El gobierno de China expresó este domingo su profunda inquietud por la captura del presidente de Venezuela, Nicolás Maduro, y de su esposa, Cilia Flores, por parte de autoridades de Estados Unidos, exigiendo su liberación inmediata y llamando a resolver la crisis mediante el diálogo y la negociación.
A través de un comunicado emitido por el Ministerio de Relaciones Exteriores, Pekín manifestó su “grave preocupación” por lo que calificó como la aprehensión forzada del mandatario venezolano y su esposa, quienes habrían sido trasladados fuera del país por agentes estadounidenses. Según la Cancillería china, esta acción constituye una vulneración al derecho internacional y a las normas fundamentales que rigen las relaciones entre los Estados.

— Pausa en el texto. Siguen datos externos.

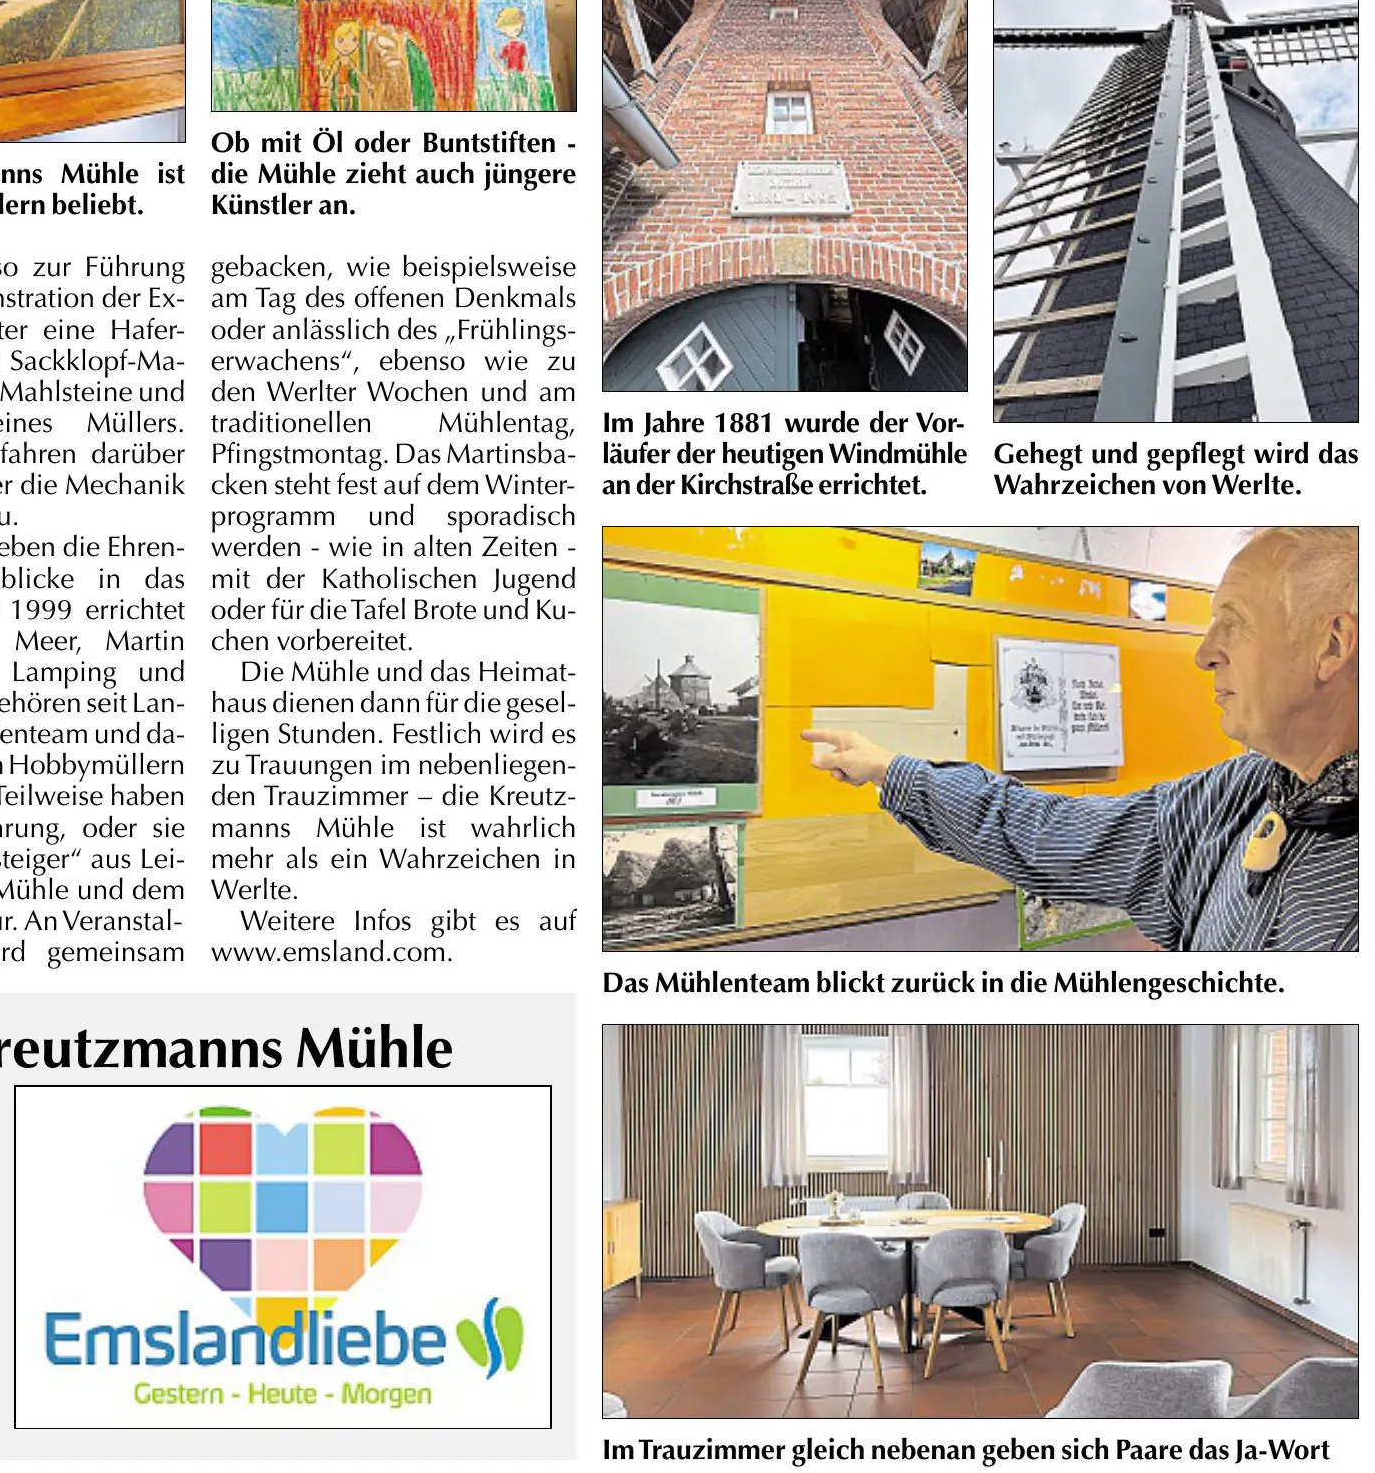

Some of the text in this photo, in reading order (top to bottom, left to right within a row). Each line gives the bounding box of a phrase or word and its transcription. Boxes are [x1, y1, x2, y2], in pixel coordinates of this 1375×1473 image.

En el texto, el gobierno chino sostuvo que la operación contraviene los principios y propósitos de la Carta de las Naciones Unidas, además de infringir la soberanía de Venezuela. En esa línea, instó a Washington a garantizar la integridad y seguridad personal de Maduro y Flores, a proceder con su liberación inmediata y a cesar cualquier acción que, a su juicio, debilite al gobierno venezolano.
“El problema debe resolverse mediante el diálogo y la negociación”, enfatizó el comunicado, reiterando que este tipo de acciones representan un acto de hegemonía que amenaza la paz y la estabilidad en América Latina y el Caribe.
La declaración china se produce luego de que el presidente de Estados Unidos, Donald Trump, confirmara públicamente la captura de Maduro y su esposa en Caracas y su posterior traslado a territorio estadounidense. De acuerdo con la información conocida, el mandatario venezolano pasó su primera noche detenido en el Metropolitan Detention Center, en Brooklyn.
China mantiene una relación diplomática y económica estrecha con Venezuela, fortalecida durante los gobiernos de Xi Jinping y Nicolás Maduro. En diversos espacios internacionales, Pekín ha defendido de forma reiterada los principios de soberanía nacional y la no injerencia en los asuntos internos de otros países.
Cabe señalar que, horas antes de fijar su postura oficial, el gobierno chino había emitido una alerta consular recomendando a sus ciudadanos evitar viajes a Venezuela debido al deterioro de la situación de seguridad, sin realizar entonces comentarios políticos sobre la operación liderada por Estados Unidos.